«Je ne parle point de notre position, considérée sous ses rapports avec l'Europe; on ne peut établir que des conjectures. Recevra-t-on des secours, ou n'en recevra-t-on pas? La marche excessivement lente des Anglais prouve assez que nous n'avons pas de grands moyens dans la Méditerranée.
«J'observerai que toutes les fortifications qui sont à l'entour du Caire, n'étaient faites que pour empêcher un parti ennemi de se jeter dans la place.
«L'exemple de l'année dernière nous a trop appris combien les Turcs sont redoutables dans les maisons: pour s'opposer à ce parti, il suffisait de murailles, de retranchemens et de fortins, situés de distance en distance pour les flanquer; il ne faut donc point s'étonner de l'insuffisance de ces fortifications contre deux armées combinées, et qui, par le secours d'une flottille nombreuse, ont tous les moyens d'attaque que l'on pourrait rassembler en Europe contre une place forte.»
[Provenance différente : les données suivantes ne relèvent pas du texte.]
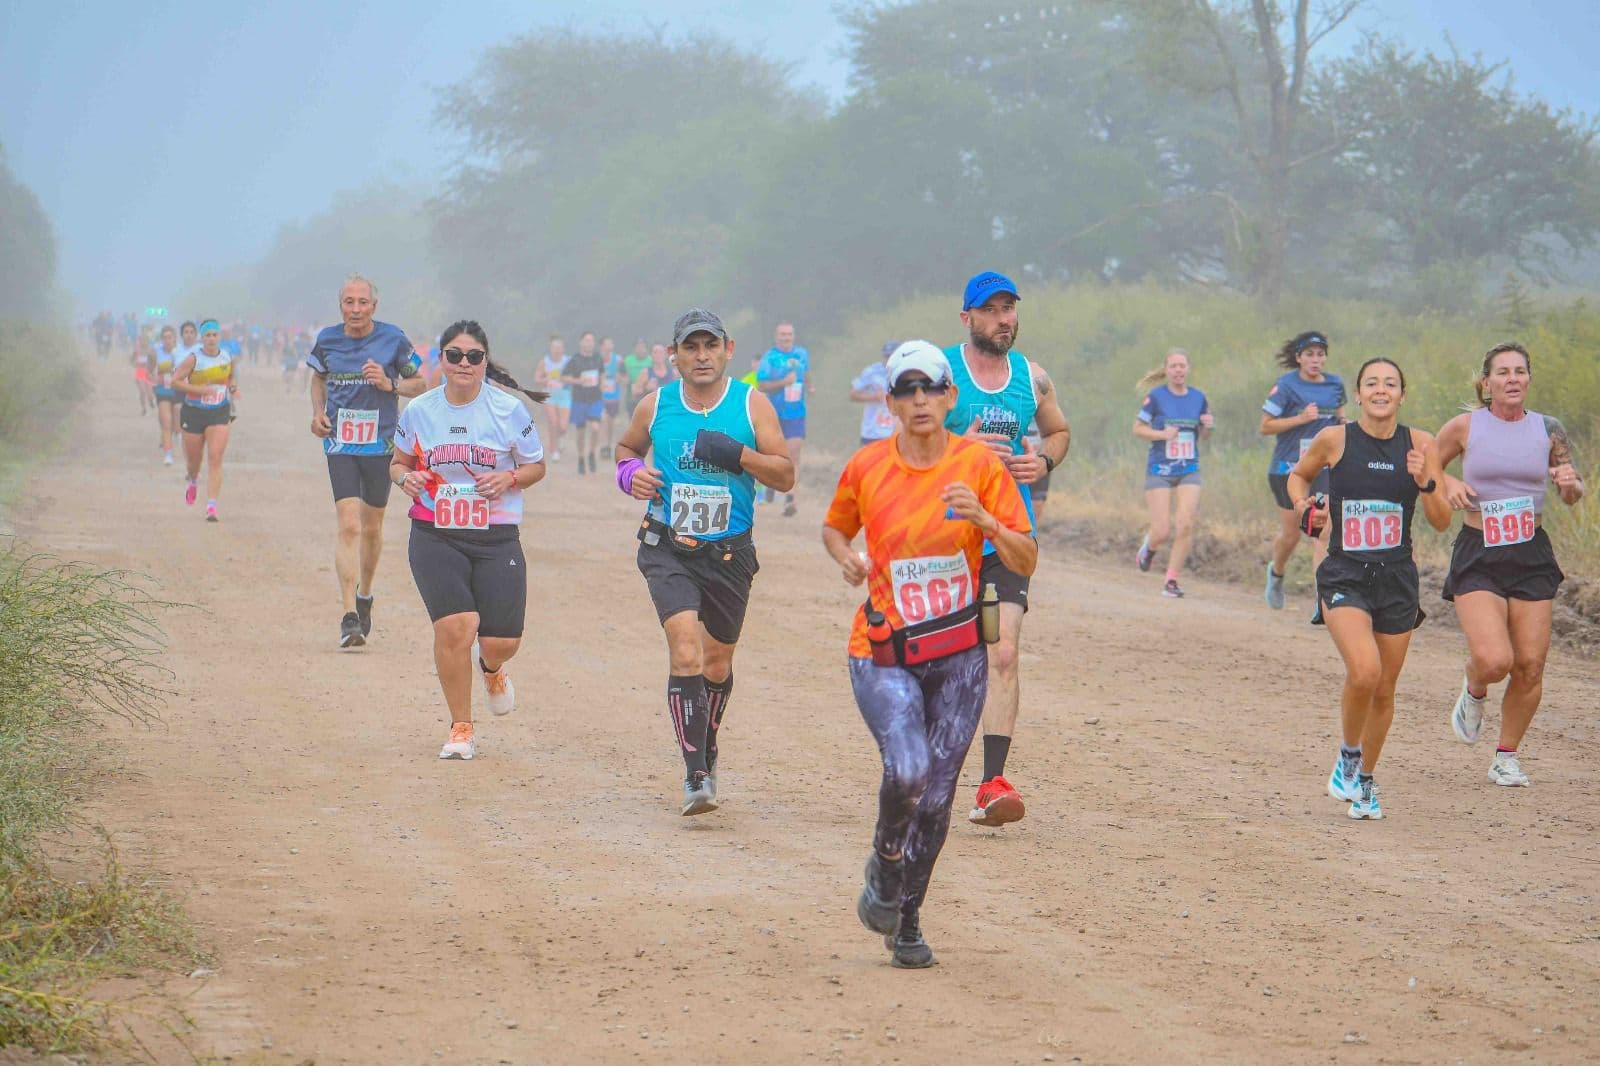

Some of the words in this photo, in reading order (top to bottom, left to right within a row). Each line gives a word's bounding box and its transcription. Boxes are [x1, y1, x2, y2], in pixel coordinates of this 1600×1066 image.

Le général Belliard voyant que personne ne répondait, posa ainsi la question, et la mit aux voix, en invitant chaque membre de motiver son opinion.
Se défendra-t-on dans la ville du Caire, ou traitera-t-on avec l'ennemi?
La grande majorité fut pour traiter; quelques membres donnèrent un avis mitigé; quatre seulement furent d'avis qu'on devait se battre. Il fut donc décidé que l'on conclurait avec l'ennemi un traité honorable: l'on s'en rapporta là-dessus au général Belliard.
Le général Lagrange, le général Duranteau, le général Valentin, et le chef de brigade Dupas, qui furent d'avis qu'on devait se battre, auraient dû beaucoup plus parler qu'ils ne l'ont fait.
Quelques phrases emportées, et quelques lieux communs à part, ils ne dirent rien de rassurant et d'encourageant pour les membres du conseil. Le général Lagrange s'obstinait à appeler négociations l'armistice qui avait été conclu, et disait qu'elles avaient été préméditées. Pressé de donner un avis plus clair et plus positif, il s'éleva entre lui et le général Alméras une légère discussion. Le général Lagrange dit qu'il convenait que notre position n'était pas bonne; qu'il était entièrement convaincu que nous ne recevrions pas de secours. «Mais, ajouta-t-il, je crois que nous pouvons encore tenir une quinzaine de jours; et combien de reproches n'aurions-nous pas à nous faire, si dans cet intervalle il nous arrivait du renfort!» On lui dit qu'on ferait en sorte de traîner les négociations pendant un pareil nombre de jours, et que si au bout de ce temps on recevait des nouvelles du général en chef ou d'autre part, on serait toujours maître de rompre avec l'ennemi. Il ne répondit autre chose, sinon que les négociations avaient été prématurées, et que nous aurions dû nous battre pour notre honneur.
Le commandant d'artillerie exposa, dans son avis motivé, l'état de nos munitions de guerre: il dit que les pièces de position étaient très faiblement approvisionnées, et que nos pièces de campagne n'avaient pas le nombre de coups suffisans pour résister à des tentatives un peu sérieuses de l'ennemi.
Le citoyen Champy, administrateur de la poudrerie, déclara qu'il avait fourni jusqu'à mille livres de poudre par jour; mais que les matières premières lui manquant, il était obligé de cesser la fabrication.